TASK INPUTS:
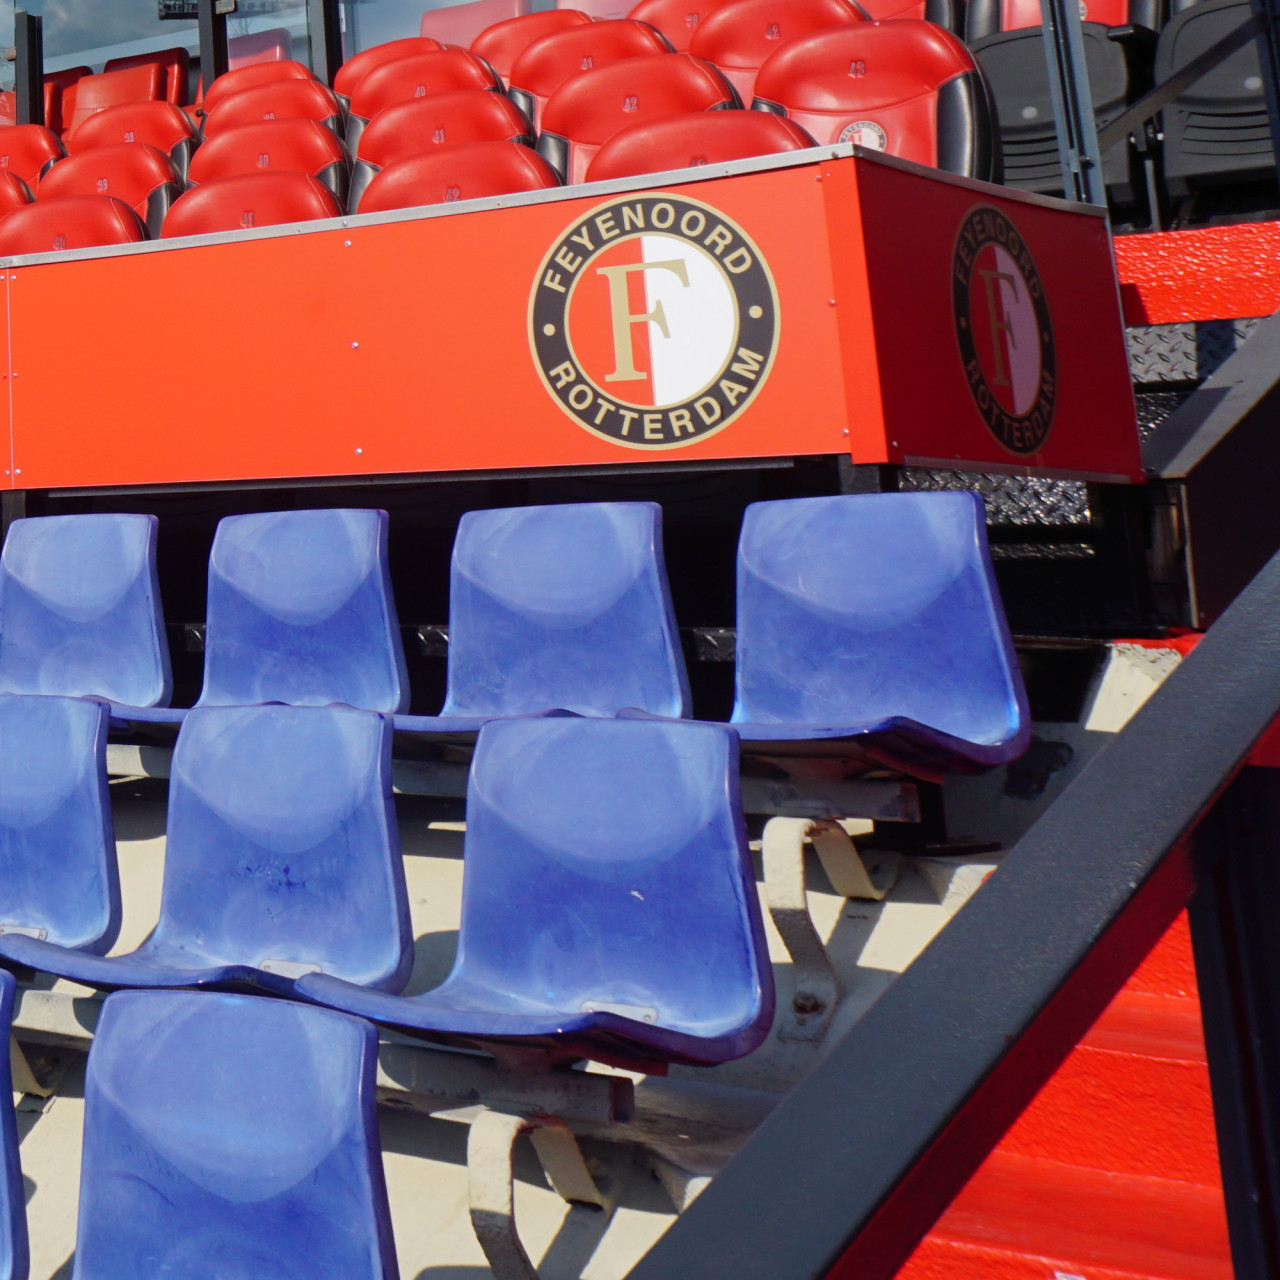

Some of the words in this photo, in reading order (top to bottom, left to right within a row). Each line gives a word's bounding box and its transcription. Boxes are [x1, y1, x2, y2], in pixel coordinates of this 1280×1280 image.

[764, 24, 781, 40] 42
[848, 60, 866, 78] 43
[623, 96, 638, 112] 42
[543, 201, 753, 294] FEYENOORD
[955, 212, 1040, 300] FEYENOORD
[596, 258, 692, 383] F
[978, 269, 1019, 387] F
[549, 346, 765, 441] ROTTERDAM
[967, 358, 1055, 448] ROTTERDAM
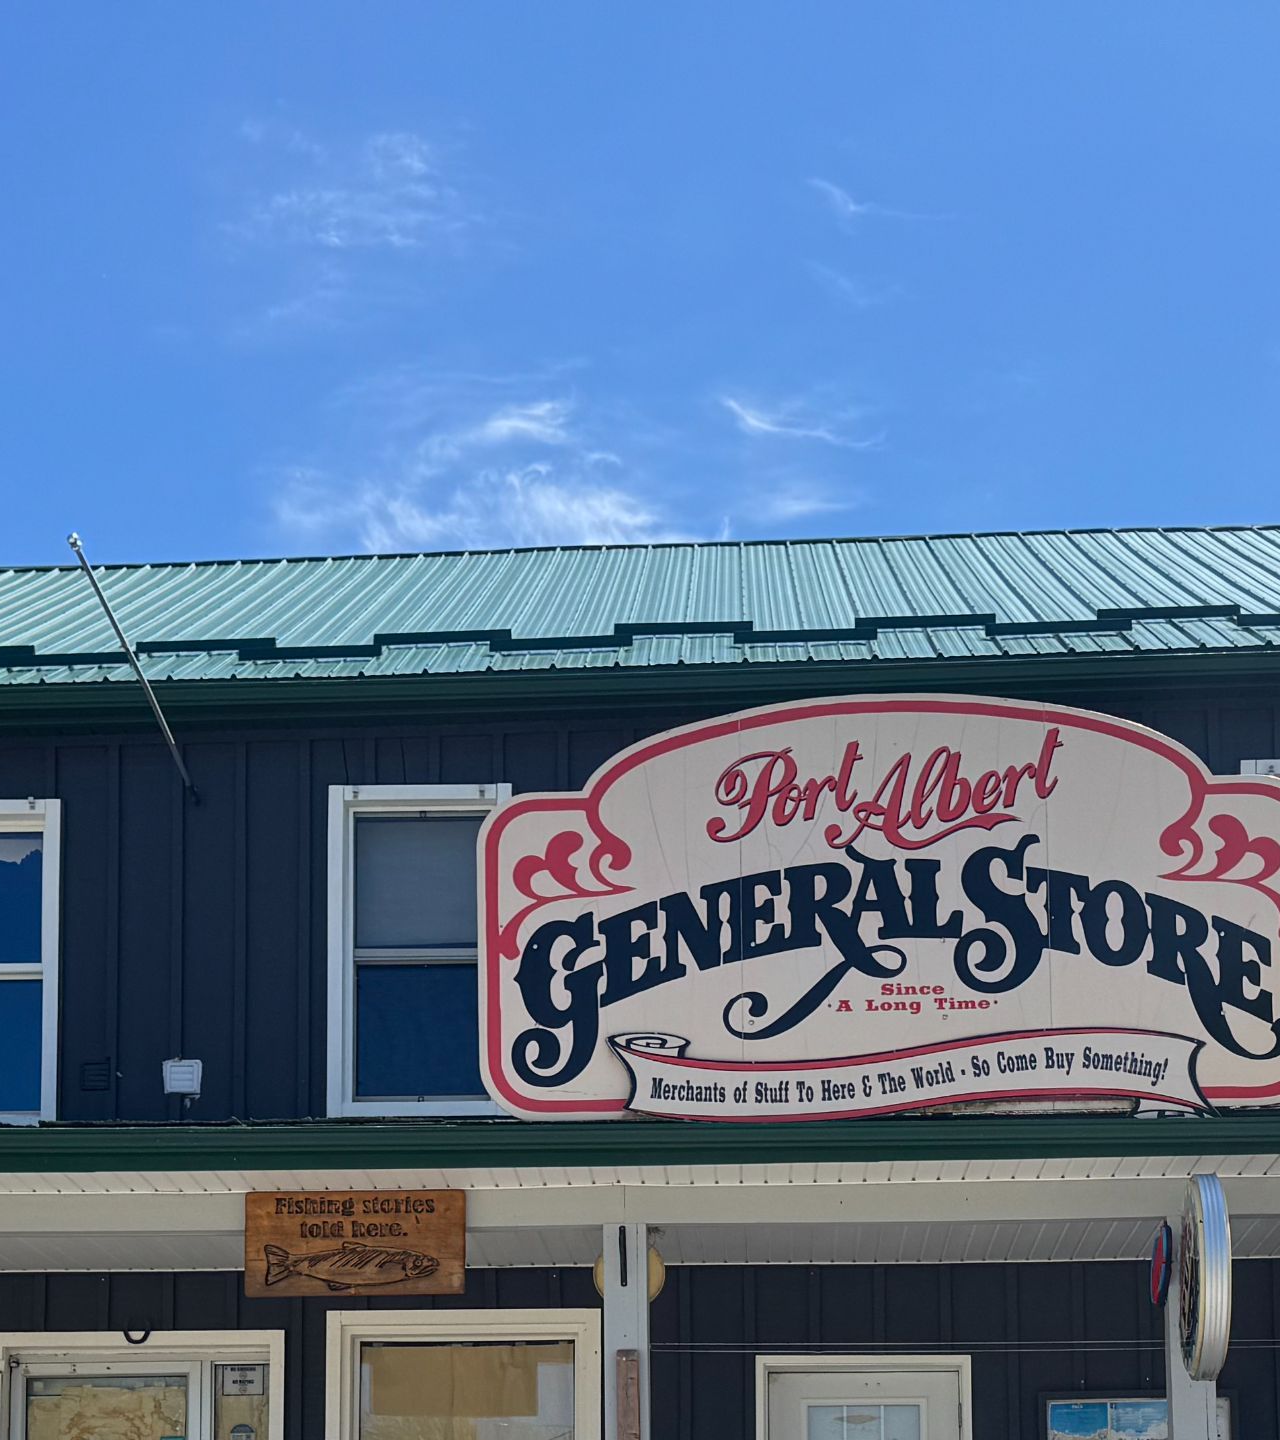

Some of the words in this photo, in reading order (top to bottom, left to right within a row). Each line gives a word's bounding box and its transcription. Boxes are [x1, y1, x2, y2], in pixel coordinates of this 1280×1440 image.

[706, 740, 863, 842] Port
[824, 727, 1064, 850] Albert
[512, 844, 965, 1088] GENERAL
[880, 983, 945, 996] Since
[865, 999, 921, 1014] Long
[934, 997, 990, 1011] Time
[651, 1077, 726, 1103] Merchants
[734, 1080, 748, 1104] of
[754, 1080, 789, 1104] Stuff
[796, 1081, 814, 1103] To
[821, 1079, 856, 1101] Here
[878, 1072, 906, 1096] The
[912, 1067, 955, 1094] World
[971, 1056, 991, 1078] So
[997, 1053, 1037, 1076] Come
[1043, 1047, 1074, 1076] Buy
[1082, 1046, 1168, 1086] Something!
[275, 1197, 355, 1216] Fishing
[362, 1196, 435, 1215] stories
[300, 1220, 344, 1238] told
[351, 1220, 408, 1238] here.
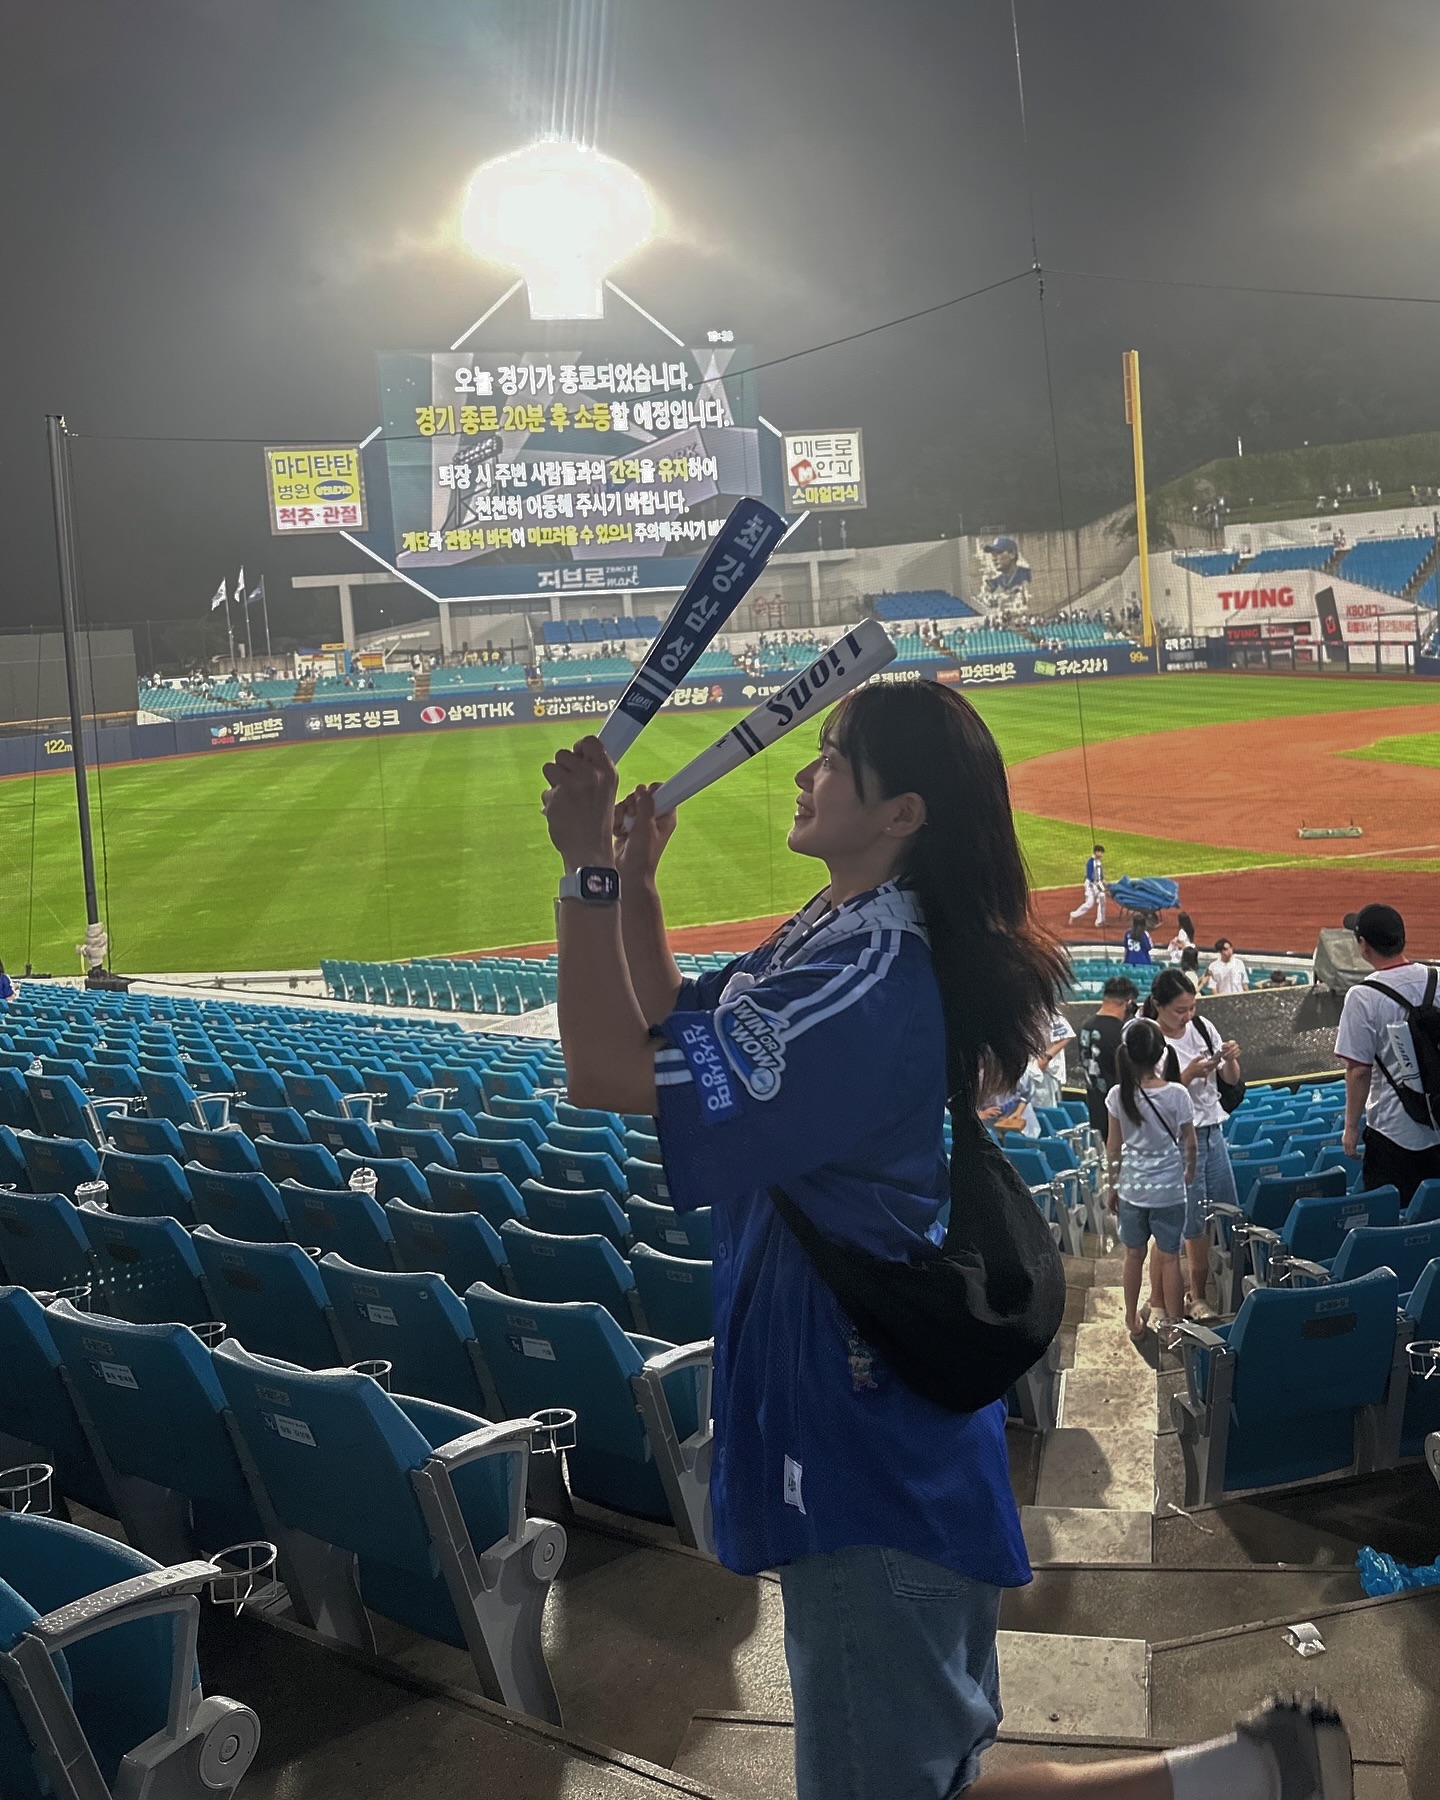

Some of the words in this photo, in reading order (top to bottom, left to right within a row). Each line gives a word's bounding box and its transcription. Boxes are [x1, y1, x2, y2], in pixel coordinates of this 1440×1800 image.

[454, 366, 494, 396] 오늘
[497, 364, 556, 395] 경기가
[559, 362, 694, 394] 종료되었습니다.
[415, 405, 456, 436] 경기
[460, 405, 500, 435] 종료
[503, 404, 546, 433] 20분
[550, 403, 570, 433] 후
[574, 401, 630, 432] 소등할
[633, 399, 730, 430] 예정입니다.
[275, 454, 353, 479] 마디탄탄
[438, 463, 472, 489] 퇴장
[475, 463, 492, 488] 시
[495, 461, 528, 487] 주변
[530, 460, 607, 487] 사람들과의
[610, 458, 656, 484] 간격을
[658, 456, 718, 482] 유지하여
[816, 459, 853, 478] 안과
[278, 484, 310, 500] 병원
[792, 484, 859, 505] 스마일라식
[476, 495, 523, 521] 천천히
[526, 493, 574, 519] 이동해
[576, 491, 622, 517] 주시기
[624, 489, 690, 515] 바랍니다.
[402, 530, 443, 553] 계단과
[445, 528, 485, 550] 관람석
[486, 527, 526, 549] 바닥이
[580, 525, 595, 545] 수
[595, 523, 633, 545] 있으니
[538, 567, 606, 589] 지브로
[607, 572, 640, 587] mart
[1218, 587, 1294, 611] TVING
[324, 709, 400, 730] 백조씽크
[448, 702, 515, 721] 삼익THK
[44, 739, 73, 754] 122m
[732, 1002, 774, 1037] WIN
[760, 1035, 779, 1052] OR
[730, 1020, 778, 1069] WOW
[683, 1024, 733, 1111] 삼성생명
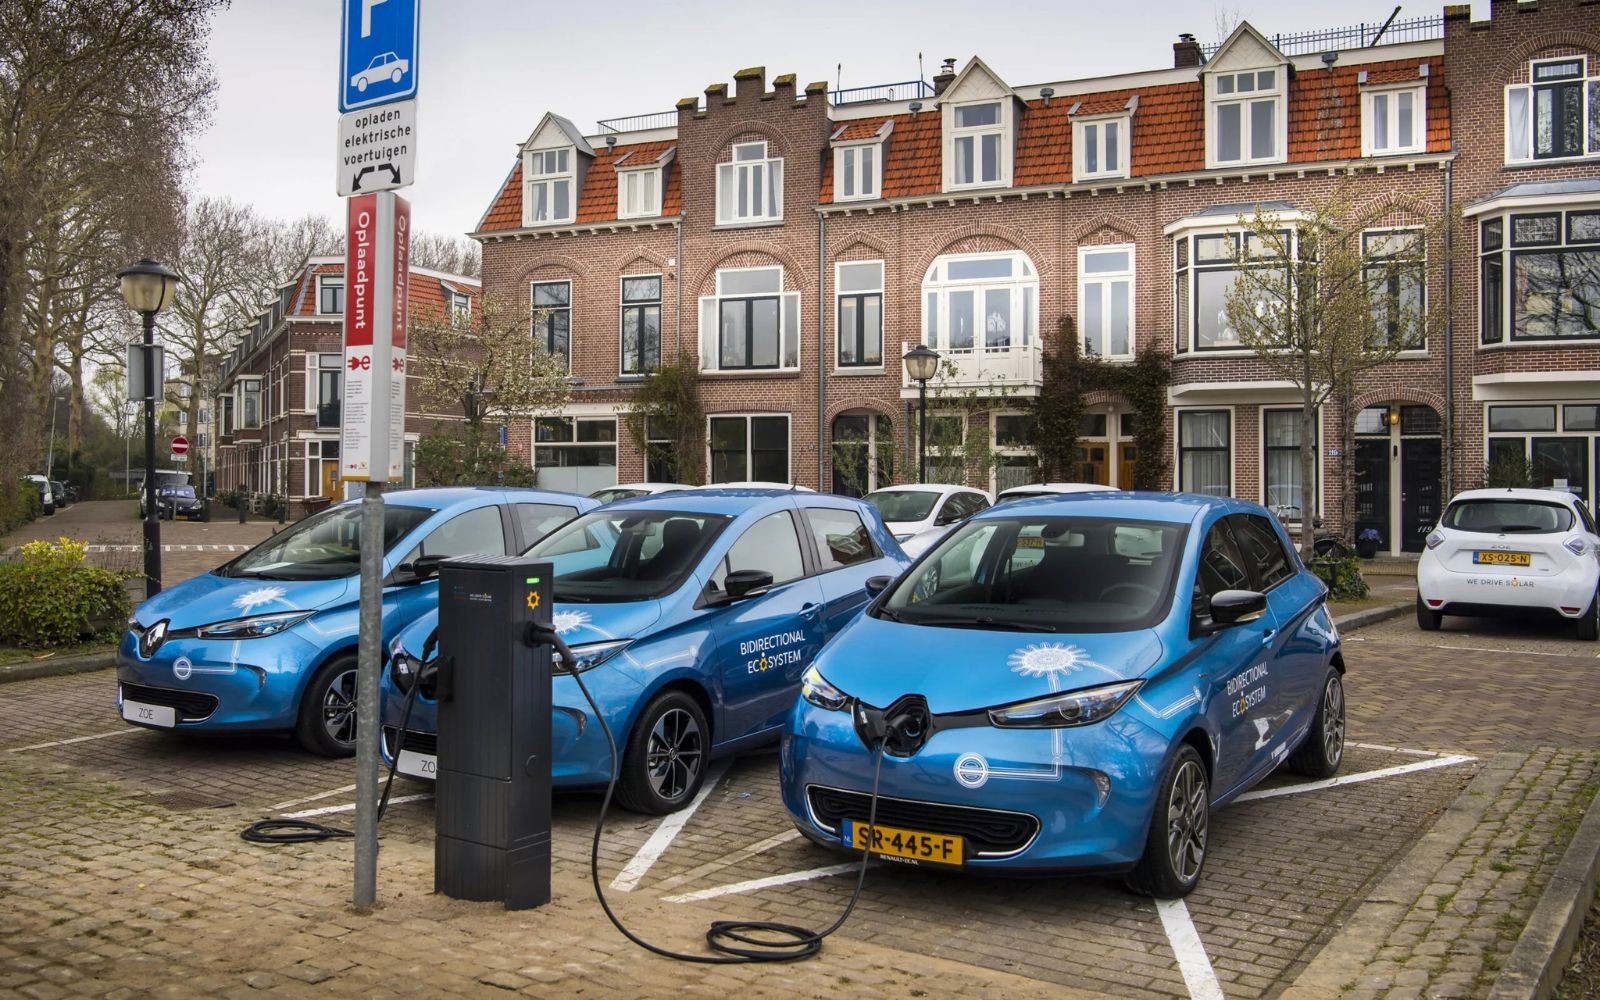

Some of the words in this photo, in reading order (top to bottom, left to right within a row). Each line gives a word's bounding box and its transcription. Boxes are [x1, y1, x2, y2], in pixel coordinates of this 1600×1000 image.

[355, 109, 400, 128] opladen
[344, 125, 411, 148] elektrische
[344, 144, 407, 166] voertuigen
[353, 211, 370, 329] Oplaadpunt
[396, 215, 406, 330] Oplaadpunt
[1482, 553, 1527, 563] XS-025-N
[1505, 579, 1535, 588] SOLAR
[740, 629, 806, 655] BIDIRECTIONAL
[747, 649, 802, 674] ECOSYSTEM
[1226, 661, 1268, 695] BIDIRECTIONAL
[138, 707, 154, 719] ZOE
[1232, 685, 1266, 717] ECOSYSTEM
[421, 759, 436, 773] ZO
[858, 826, 954, 859] SR-445-F

TRY IT: The entries above must be restated exactly in the answer, and the pictures left out.

RESPONSE BOX:
Some of the words in this photo, in reading order (top to bottom, left to right within a row). Each line gives a word's bounding box and its transcription. Boxes are [x1, y1, x2, y2], in pixel coordinates of this 1280×1280 image.

[764, 24, 781, 40] 42
[848, 60, 866, 78] 43
[623, 96, 638, 112] 42
[543, 201, 753, 294] FEYENOORD
[955, 212, 1040, 300] FEYENOORD
[596, 258, 692, 383] F
[978, 269, 1019, 387] F
[549, 346, 765, 441] ROTTERDAM
[967, 358, 1055, 448] ROTTERDAM

Some of the words in this photo, in reading order (top to bottom, left to right within a row). Each line gives a word's bounding box and its transcription. Boxes are [x1, y1, x2, y2], in pixel coordinates of this 1280×1440 image.

[706, 740, 863, 842] Port
[824, 727, 1064, 850] Albert
[512, 844, 965, 1088] GENERAL
[880, 983, 945, 996] Since
[865, 999, 921, 1014] Long
[934, 997, 990, 1011] Time
[651, 1077, 726, 1103] Merchants
[734, 1080, 748, 1104] of
[754, 1080, 789, 1104] Stuff
[796, 1081, 814, 1103] To
[821, 1079, 856, 1101] Here
[878, 1072, 906, 1096] The
[912, 1067, 955, 1094] World
[971, 1056, 991, 1078] So
[997, 1053, 1037, 1076] Come
[1043, 1047, 1074, 1076] Buy
[1082, 1046, 1168, 1086] Something!
[275, 1197, 355, 1216] Fishing
[362, 1196, 435, 1215] stories
[300, 1220, 344, 1238] told
[351, 1220, 408, 1238] here.

Some of the words in this photo, in reading order (top to bottom, left to right within a row). Each line gives a word's bounding box and its transcription. Boxes are [x1, y1, x2, y2], in pixel coordinates of this 1440×1800 image.

[454, 366, 494, 396] 오늘
[497, 364, 556, 395] 경기가
[559, 362, 694, 394] 종료되었습니다.
[415, 405, 456, 436] 경기
[460, 405, 500, 435] 종료
[503, 404, 546, 433] 20분
[550, 403, 570, 433] 후
[574, 401, 630, 432] 소등할
[633, 399, 730, 430] 예정입니다.
[275, 454, 353, 479] 마디탄탄
[438, 463, 472, 489] 퇴장
[475, 463, 492, 488] 시
[495, 461, 528, 487] 주변
[530, 460, 607, 487] 사람들과의
[610, 458, 656, 484] 간격을
[658, 456, 718, 482] 유지하여
[816, 459, 853, 478] 안과
[278, 484, 310, 500] 병원
[792, 484, 859, 505] 스마일라식
[476, 495, 523, 521] 천천히
[526, 493, 574, 519] 이동해
[576, 491, 622, 517] 주시기
[624, 489, 690, 515] 바랍니다.
[402, 530, 443, 553] 계단과
[445, 528, 485, 550] 관람석
[486, 527, 526, 549] 바닥이
[580, 525, 595, 545] 수
[595, 523, 633, 545] 있으니
[538, 567, 606, 589] 지브로
[607, 572, 640, 587] mart
[1218, 587, 1294, 611] TVING
[324, 709, 400, 730] 백조씽크
[448, 702, 515, 721] 삼익THK
[44, 739, 73, 754] 122m
[732, 1002, 774, 1037] WIN
[760, 1035, 779, 1052] OR
[730, 1020, 778, 1069] WOW
[683, 1024, 733, 1111] 삼성생명

Some of the words in this photo, in reading order (top to bottom, left to right within a row). Each line gives a word's bounding box and its transcription. Boxes are [x1, y1, x2, y2], in pixel coordinates of this 1600×1000 image.

[355, 109, 400, 128] opladen
[344, 125, 411, 148] elektrische
[344, 144, 407, 166] voertuigen
[353, 211, 370, 329] Oplaadpunt
[396, 215, 406, 330] Oplaadpunt
[1482, 553, 1527, 563] XS-025-N
[1505, 579, 1535, 588] SOLAR
[740, 629, 806, 655] BIDIRECTIONAL
[747, 649, 802, 674] ECOSYSTEM
[1226, 661, 1268, 695] BIDIRECTIONAL
[138, 707, 154, 719] ZOE
[1232, 685, 1266, 717] ECOSYSTEM
[421, 759, 436, 773] ZO
[858, 826, 954, 859] SR-445-F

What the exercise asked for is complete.